What is it with the Church denominations on the Climate Crisis? The coverage seems to be be declining rather than taking a sharp turn upward and beginning to act like they understand what’s at stake. This is a colossal ethical problem. To stay out of the issue in their coverage is tantamount to a blasphemous bow to the forces of status quo. And Status Quo theology and spirituality is a sign of serious irrelevance and irresponsibility. It’s so sad and enraging that all of the deonominations are seeing movements (like FossilFreeUMC and others), and yet these movements garner practically NO coverage from the denominational media.
The Crisis has accelerated to absolutely unpredicted extremes, and yet the media chug along focusing on the same issues. You’d think it was the 1970’s, before most anyone was aware that we had this growing problem (even then there were some who saw it coming). We no longer have that to fall back on. The evidence is CLEAR, and yet the church can’t seem to see this as an occasion to seriously re-examine how utterly unsustainable the world’s advanced industrial powers have molded us into serious threats to the planet’s ecosystems.

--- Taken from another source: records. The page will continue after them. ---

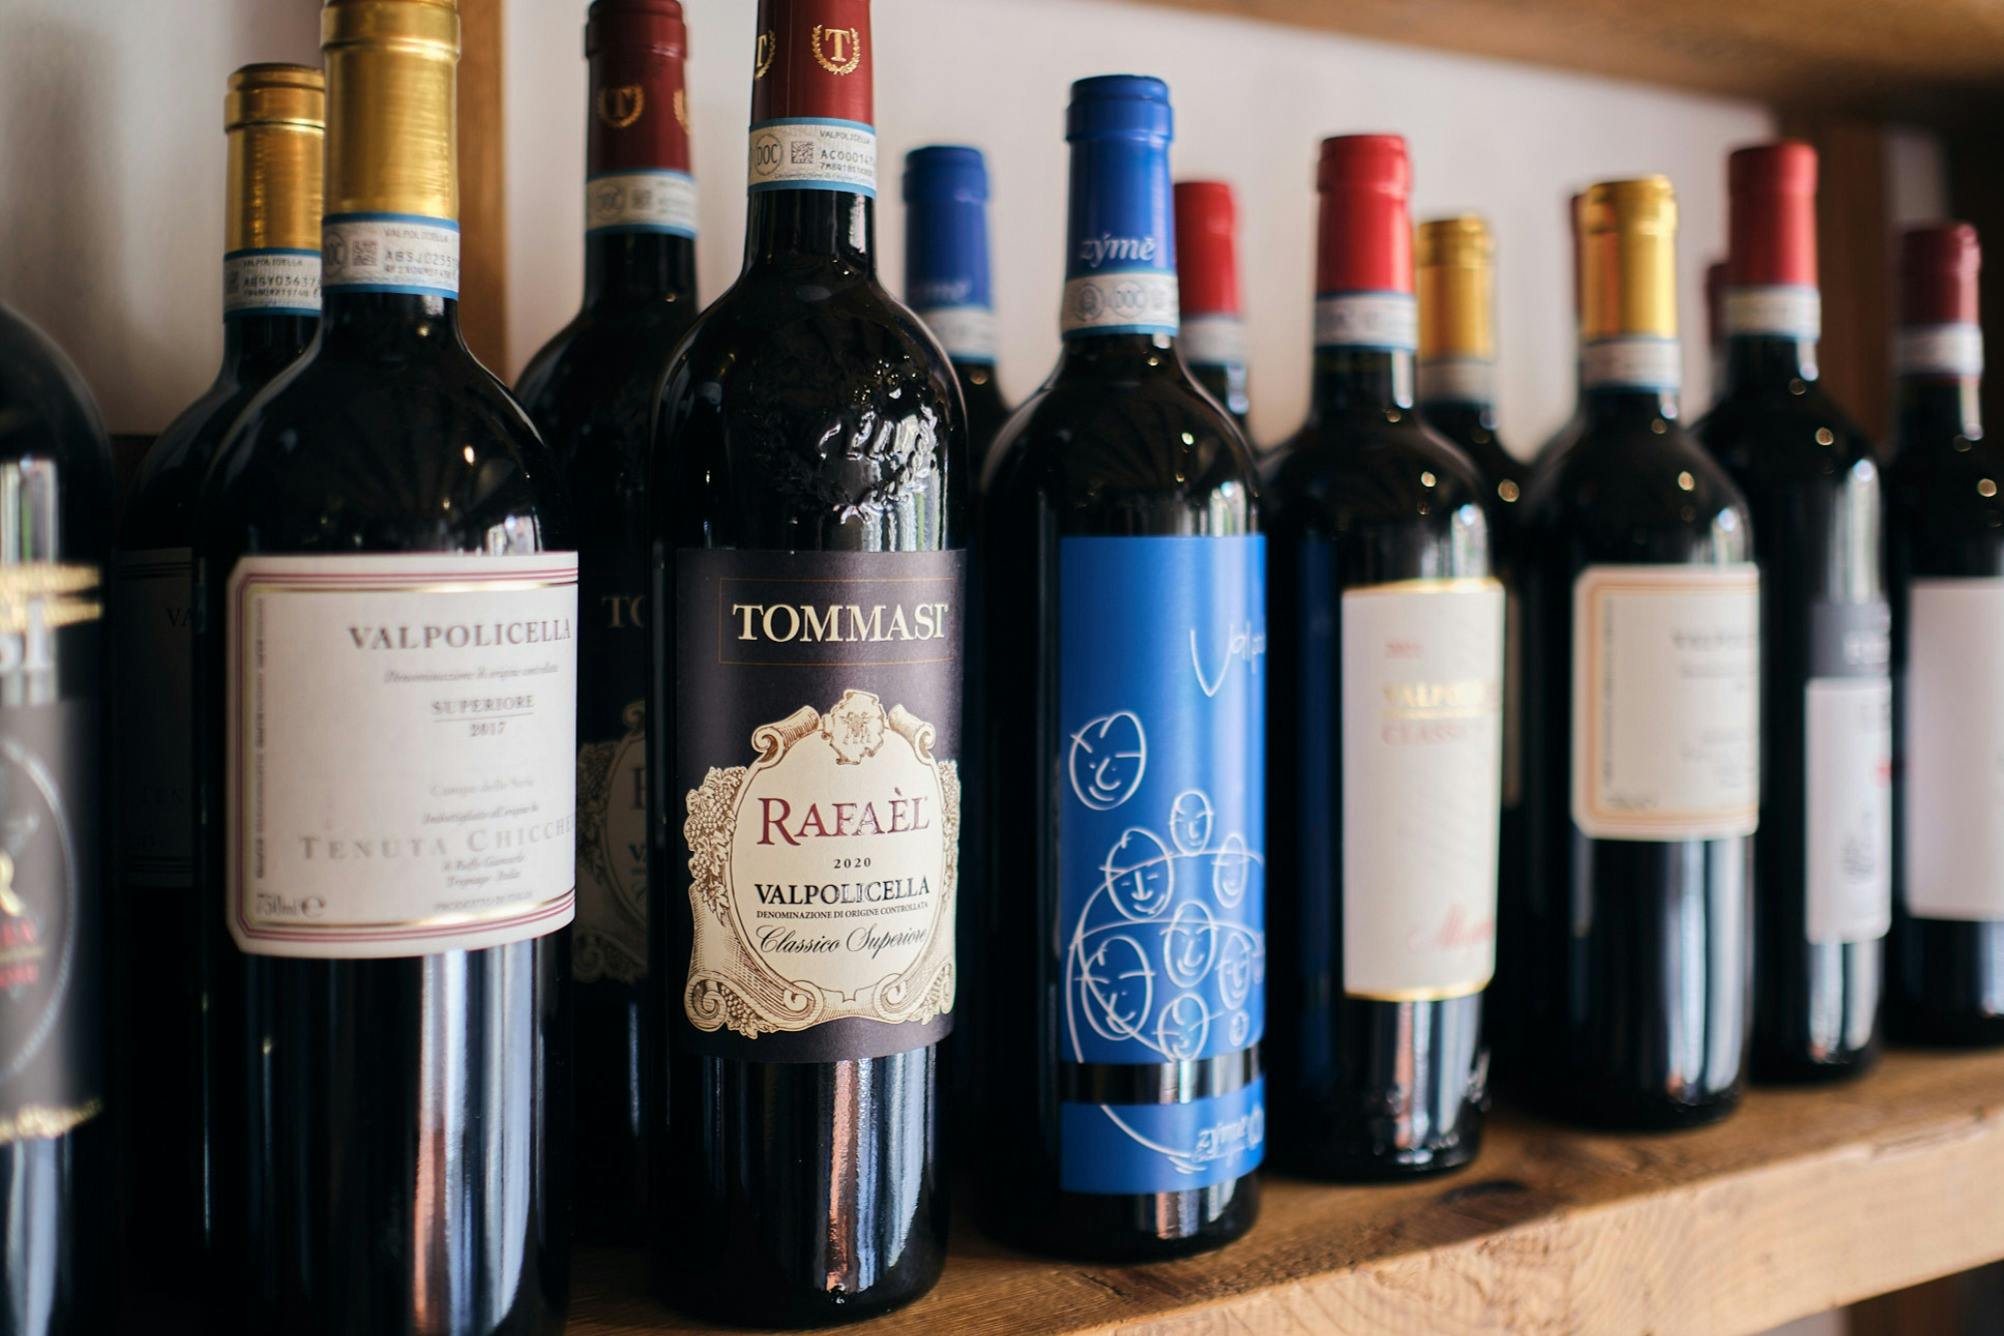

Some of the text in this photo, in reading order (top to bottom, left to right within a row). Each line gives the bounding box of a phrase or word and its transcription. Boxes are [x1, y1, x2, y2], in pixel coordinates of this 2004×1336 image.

[824, 28, 850, 62] T
[348, 617, 572, 651] VALPOLICELLA
[732, 603, 948, 643] TOMMASI
[431, 694, 536, 716] SUPERIORE
[756, 786, 930, 847] RAFAÈL
[299, 834, 447, 861] TENUTA
[833, 857, 872, 870] 2020
[754, 874, 930, 906] VALPOLICELLA
[756, 900, 928, 920] DENOMINAZIONE DI ORIGINE CONTROLLATA
[755, 922, 928, 960] Classico Superiore

Folks, it’s time for a Reformation! Seriously. This is not hyperbolics. The problems tackled by Martin Luther were serious cultural and spiritual issues, but nothing on the scale of the Crisis faced by the very systems that created and provided for the flourishing of humans on this earth. Without them, there is no more theology at all. There are, certainly , problems within this larger problem that create chaos amongst humans and their societies, but these will only worsen as climate catastrophes accelerate in number and severity; when water shortages intensify, and mass poisoning from numerous toxins being unleashed on people spreads.
The ethical problems compound as the “profiteers” of this madness still seek to undermine the awareness that there is a crisis. The Church MUST stand out and against this and call for a serious change of direction; toward an “Ecological Civilization”; toward what Bill McKibben calls “Deep Economy”; toward what John Cobb and Herman Daly called “Ecological Economics”. The church denominations MUST get with the program, or become yet another symbol of accommodation and “conformity to the world”. Ironically, in this case, “conformity to the world” contributes and gives assent to the destruction of the world’s systems that gave and sustain life as we know it.